**BRIEF**
Copy every entry below verbatim, except for images.

**EXTRACTED ENTRIES**
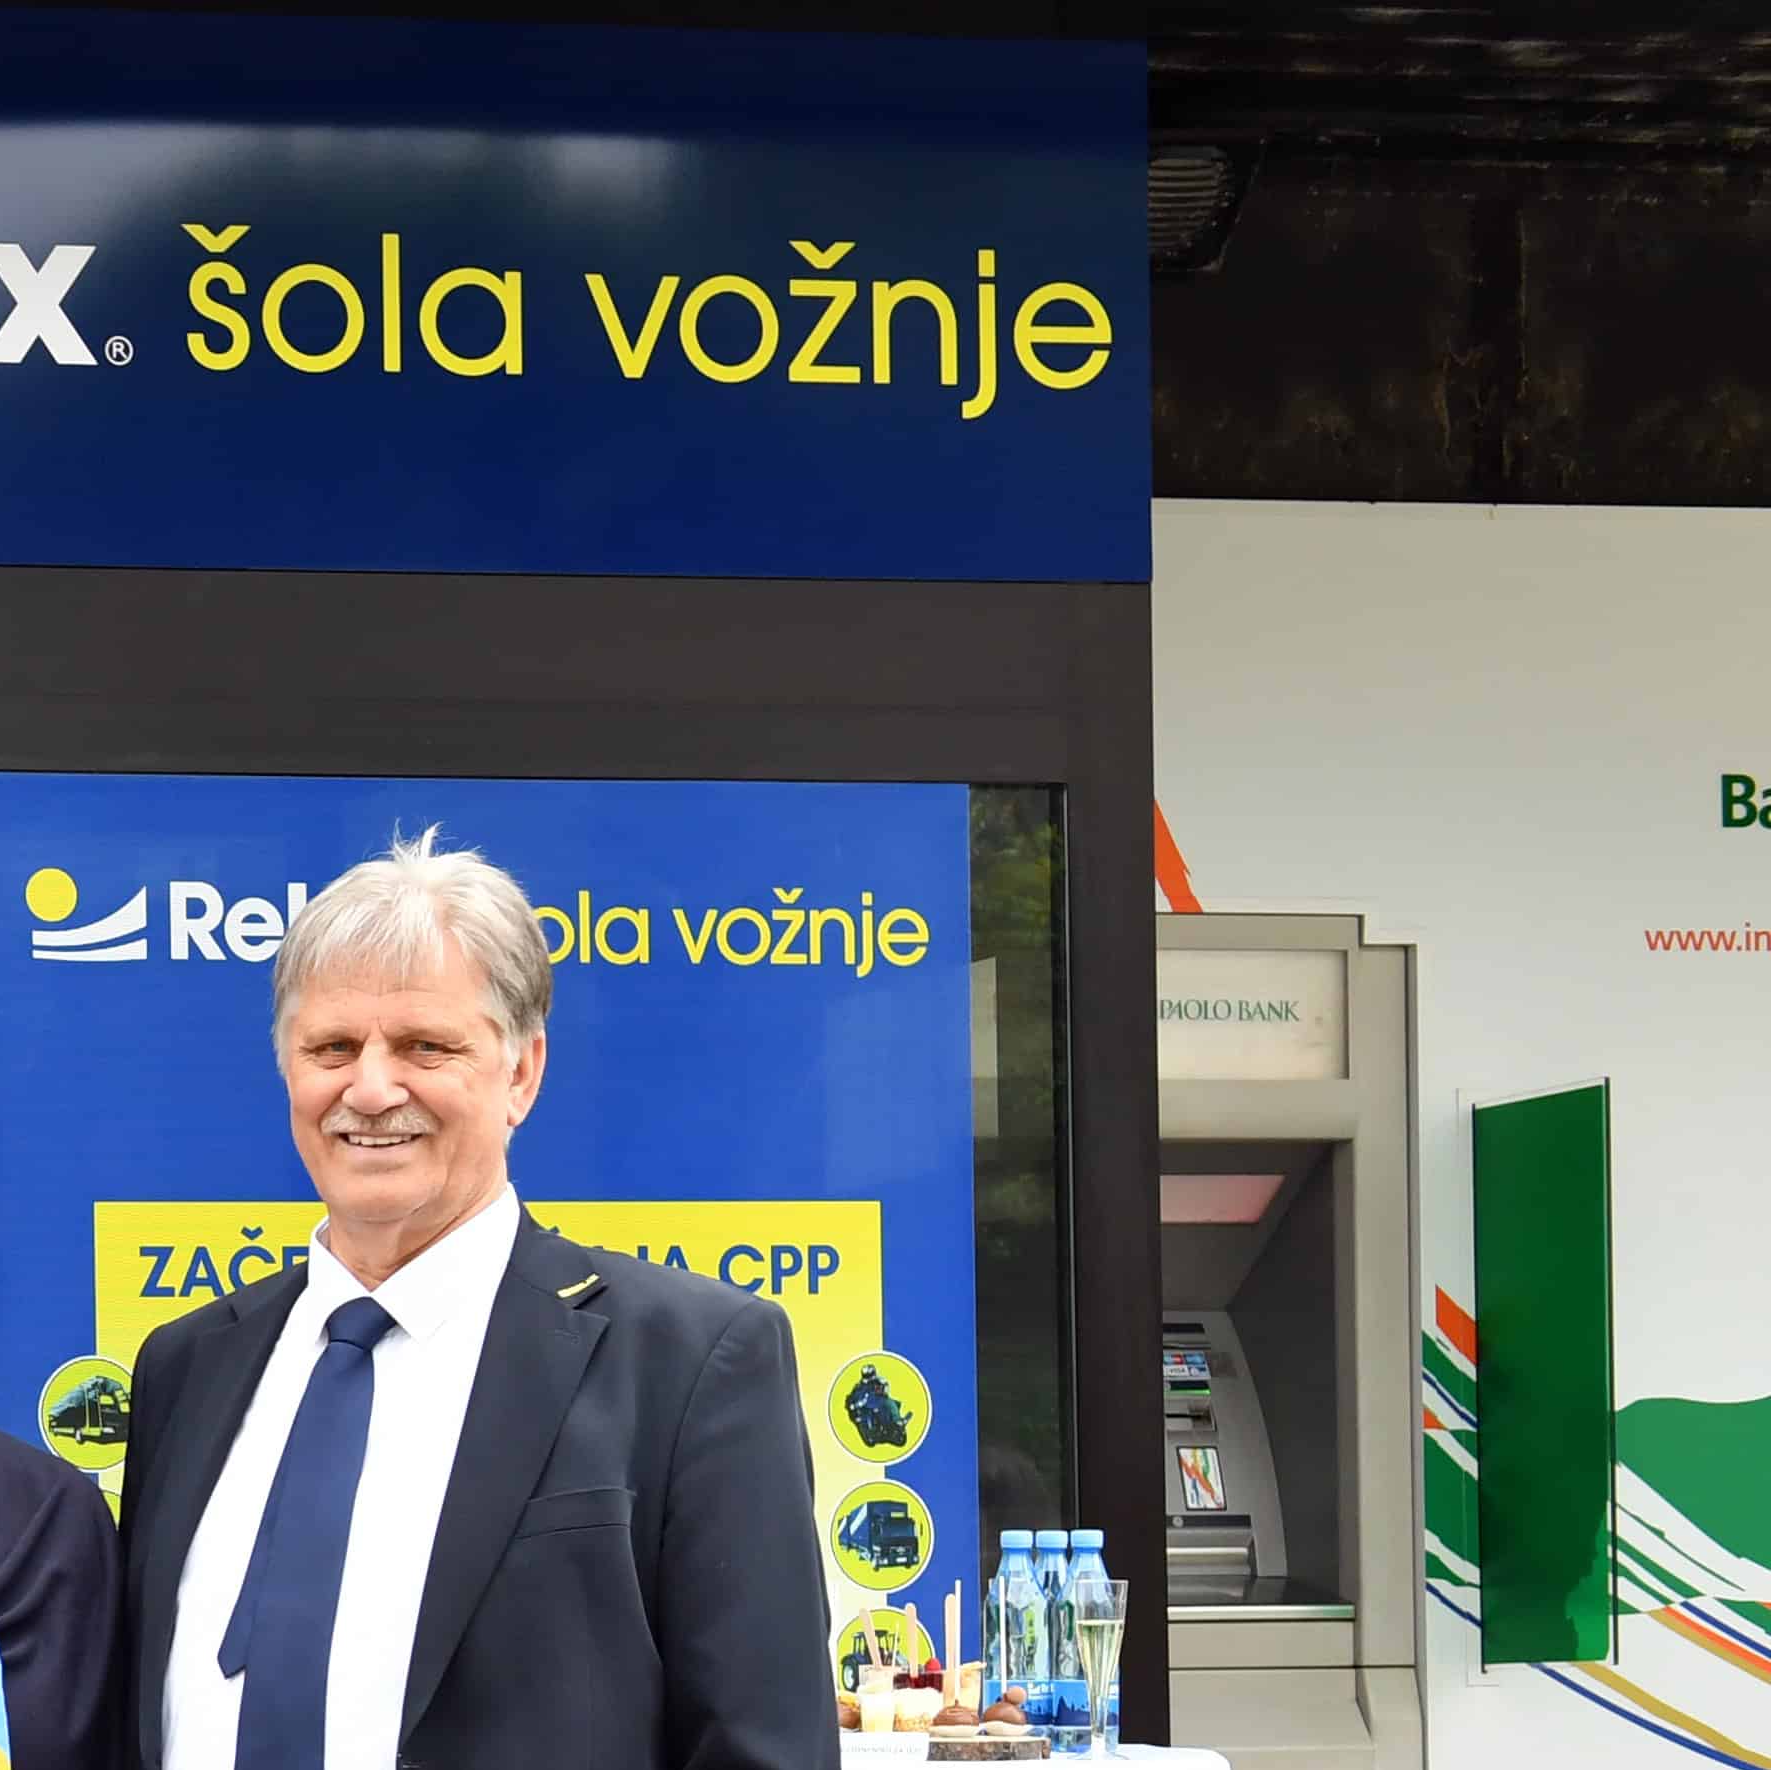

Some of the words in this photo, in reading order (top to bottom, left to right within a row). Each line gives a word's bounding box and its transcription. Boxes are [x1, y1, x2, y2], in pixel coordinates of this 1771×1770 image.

[182, 224, 523, 377] šola
[587, 241, 1113, 419] vožnje
[532, 888, 650, 966] ola
[673, 887, 930, 978] vožnje
[1644, 922, 1771, 951] www.in
[1159, 999, 1232, 1020] PAOLO
[1238, 999, 1300, 1021] BANK
[718, 1244, 840, 1294] CPP

**RESPONSE TO THE TASK**
Some of the words in this photo, in reading order (top to bottom, left to right within a row). Each line gives a word's bounding box and its transcription. Boxes are [x1, y1, x2, y2], in pixel coordinates of this 1771×1770 image.

[182, 224, 523, 377] šola
[587, 241, 1113, 419] vožnje
[532, 888, 650, 966] ola
[673, 887, 930, 978] vožnje
[1644, 922, 1771, 951] www.in
[1159, 999, 1232, 1020] PAOLO
[1238, 999, 1300, 1021] BANK
[718, 1244, 840, 1294] CPP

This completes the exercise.